New Zealand High Commission, Pretoria, South Africa (also responsible for Botswana): +27 12 435 9000
Established in 1971, the Khutse Game Reserve encompasses 965 square miles (2,500 sq km) of semi-arid Kalahari bush savannah in the Bakwena tribal lands. Boreholes have been sunk into this undulating terrain to provide more water and encourage wildlife to stay in the area year-round. Visitors are now drawn to this undeveloped wilderness to see a wide range of herbivores including giraffe, gemsbok and wildebeest, as well as predators such as lion, leopard and cheetah, and birdlife ranging from wild ostriches to little browns. Visitors may only stay at marked campsites and there are no other tourist facilities available in the reserve.
The Kgalagadi Transfrontier Park, located in both Botswana and South Africa, extends over 15,000 square miles (38,000 sq km) of the southern Kalahari Desert. About three quarters of the park lies in the extreme southwest of Botswana, locally known as the Gemsbok National Park. Visitors to the park can witness the fragile balance between migratory animals and their predators in this harsh, semi-arid environment: a real African safari experience. There are campsites available for visitors but other tourist facilities are very limited.

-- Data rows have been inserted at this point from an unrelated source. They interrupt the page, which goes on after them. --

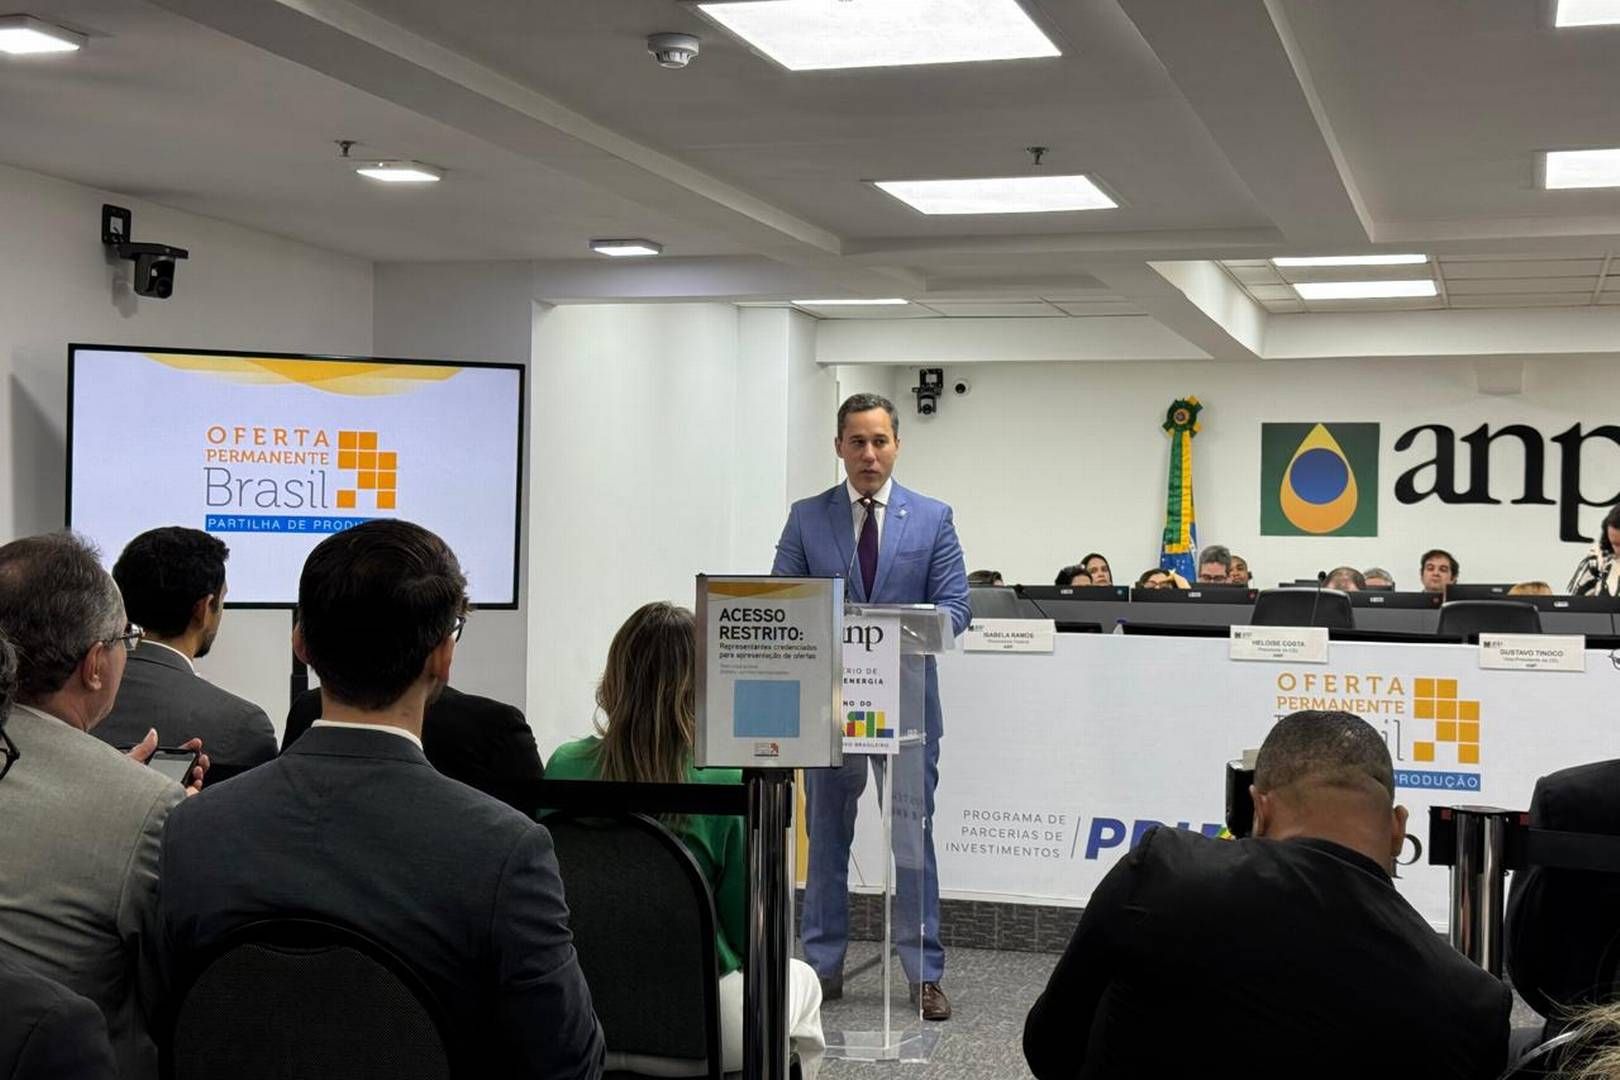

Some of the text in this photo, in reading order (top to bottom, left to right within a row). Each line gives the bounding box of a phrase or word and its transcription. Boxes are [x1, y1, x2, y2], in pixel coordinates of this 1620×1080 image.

[207, 426, 330, 447] OFERTA
[206, 449, 329, 465] PERMANENTE
[204, 466, 329, 509] Brasil
[1394, 421, 1620, 544] anp
[207, 518, 281, 530] PARTILHA
[287, 519, 306, 530] DE
[719, 608, 786, 622] ACESSO
[719, 626, 804, 641] RESTRITO:
[719, 642, 818, 651] Representantes credenciados
[1500, 648, 1564, 657] GUSTAVO TINOCO
[719, 652, 734, 660] para
[866, 667, 878, 675] DE
[1277, 672, 1405, 695] OFERTA
[1276, 696, 1405, 714] PERMANENTE
[963, 810, 1066, 825] PROGRAMA DE
[961, 827, 1063, 842] PARCERIAS DE
[945, 842, 1061, 859] INVESTIMENTOS
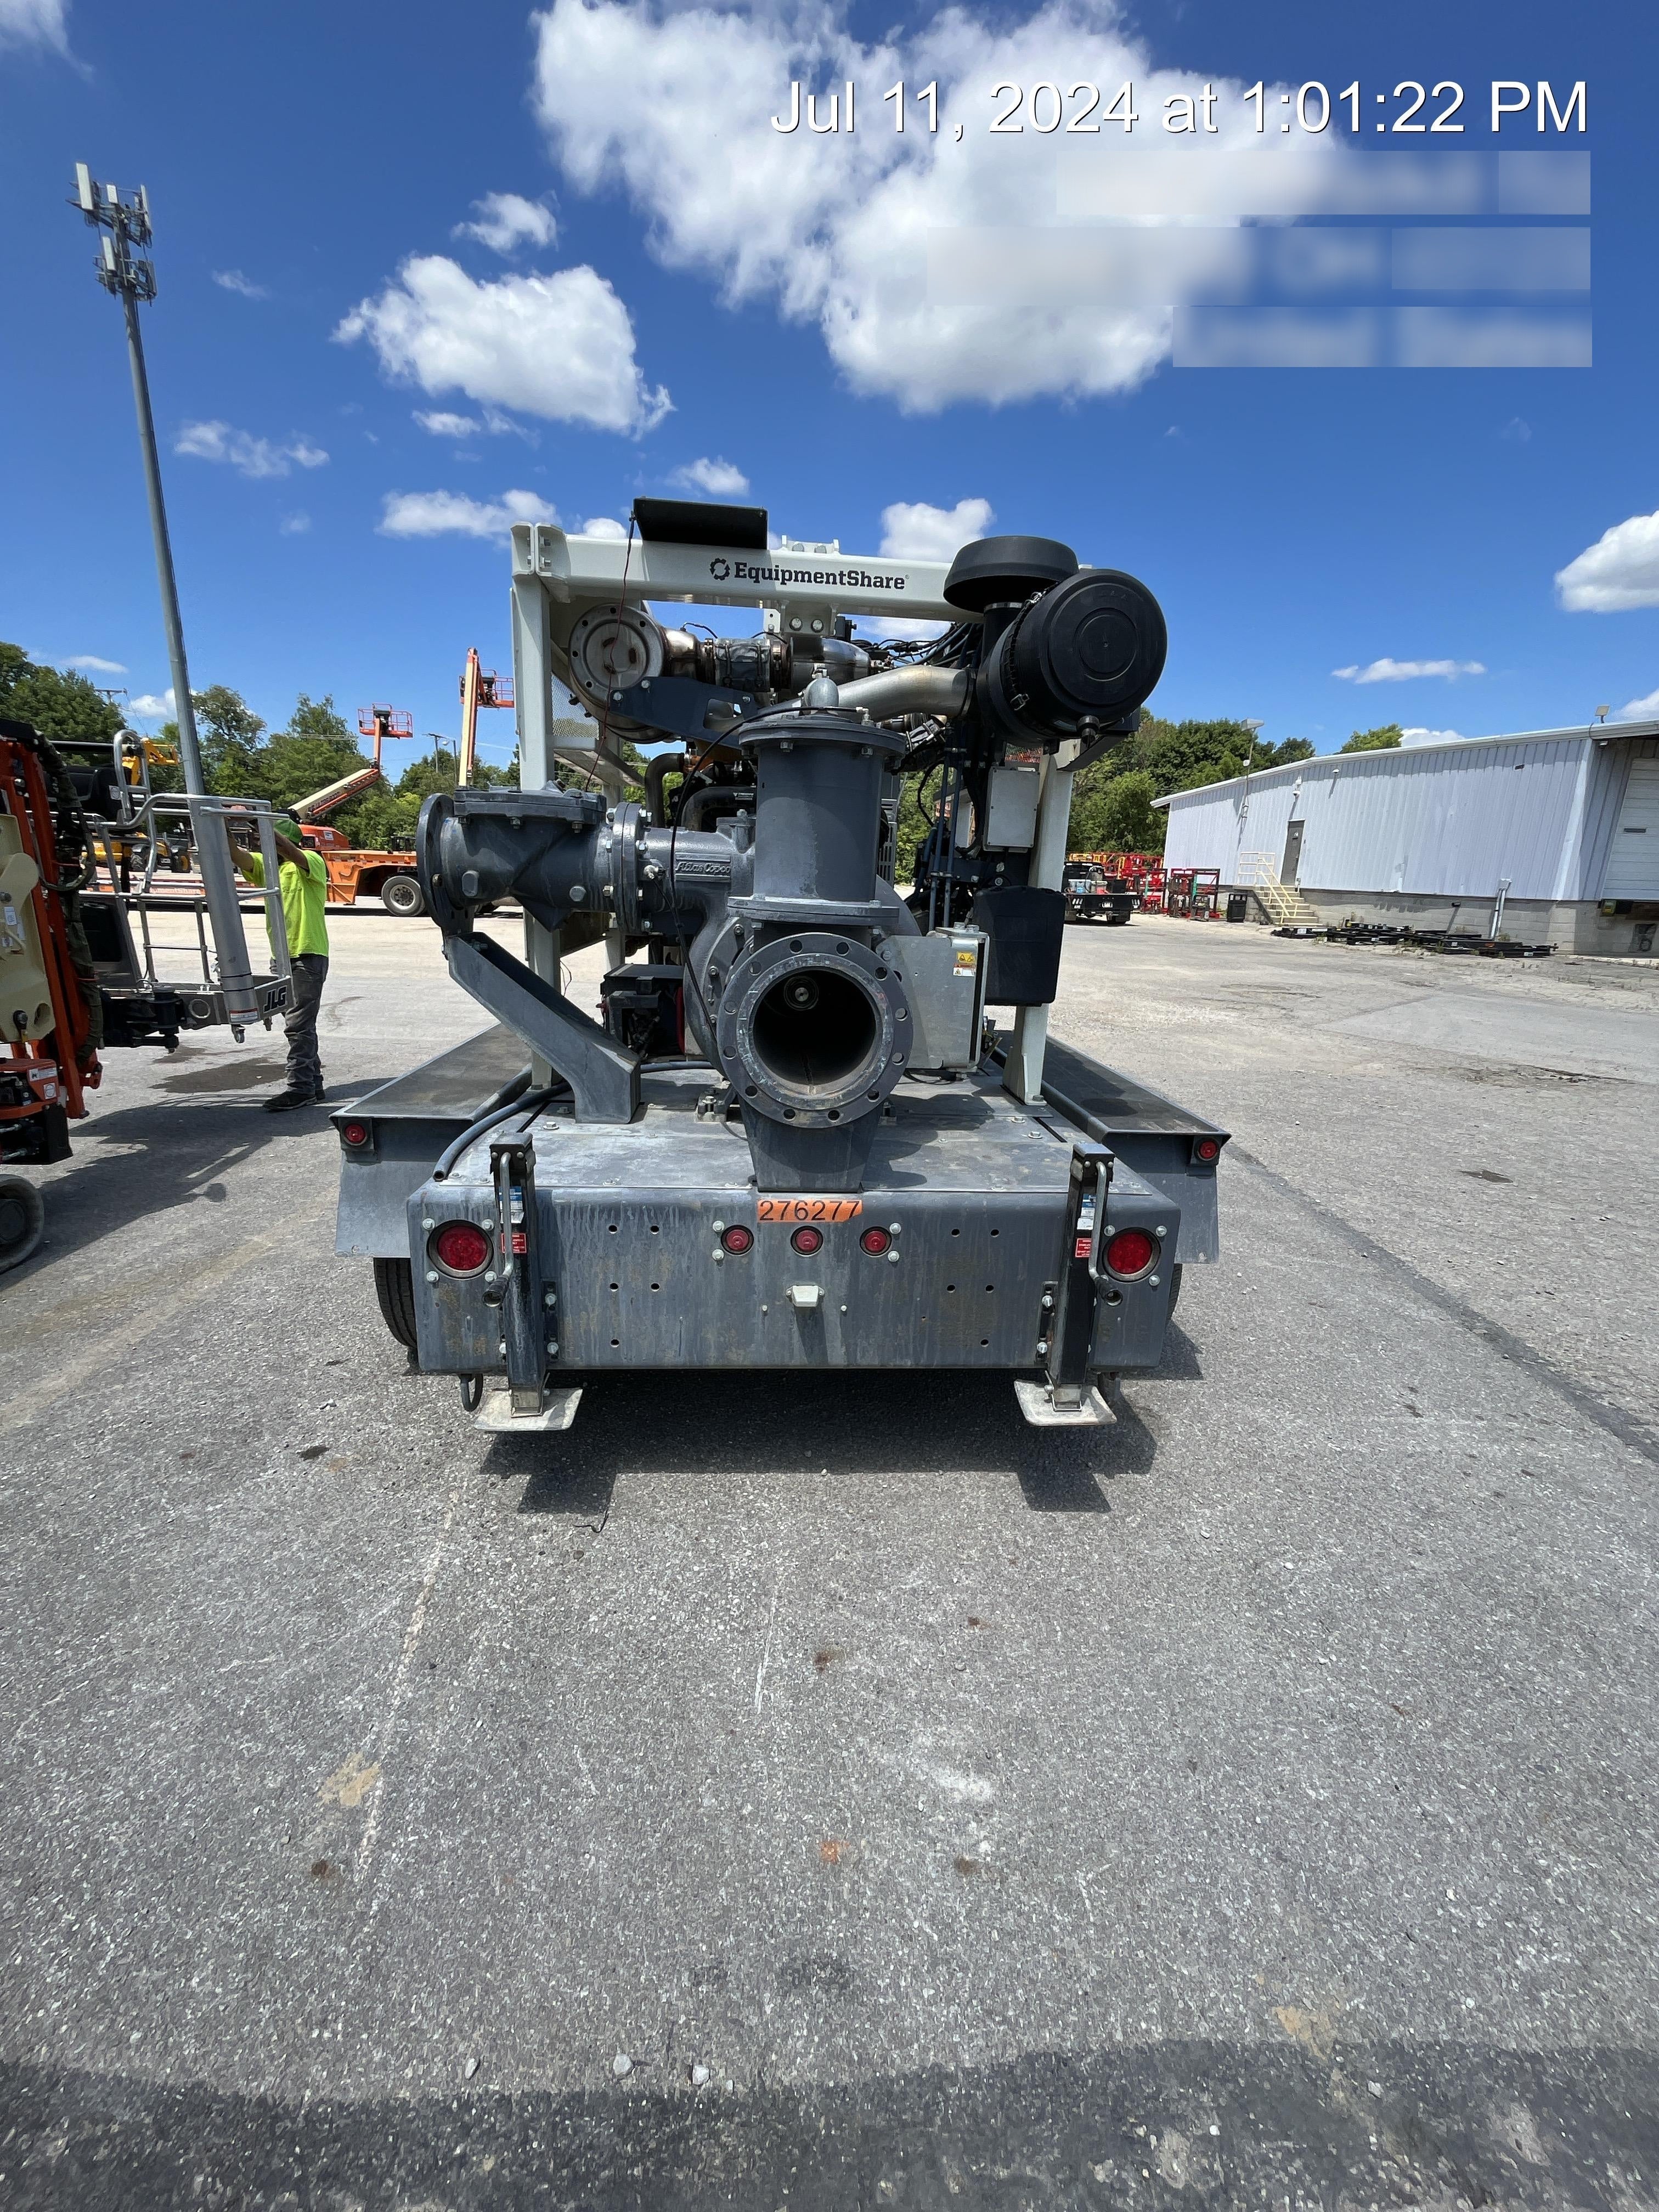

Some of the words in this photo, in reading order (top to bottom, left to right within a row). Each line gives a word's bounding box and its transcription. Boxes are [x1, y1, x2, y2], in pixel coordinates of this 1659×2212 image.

[734, 561, 905, 590] EquipmentShare
[675, 861, 703, 872] Atlas
[703, 862, 731, 873] Copco
[263, 985, 287, 1013] JLG
[759, 1200, 860, 1221] 276277

At 20,380 square miles (52,800 sq. km), the Central Kalahari Game Reserve is larger than some European countries, such as Denmark or Switzerland, and is bigger than Lesotho and Eswatini put together. Indeed, the reserve is the second largest on earth and its sand dunes, saltpans, riverbeds, mopane forests and vast open plains are home to an array of fascinating wildlife species, as well as settlements of local Basarwa or San tribes. It offers an exciting combination of both environmental and cultural experiences for visitors.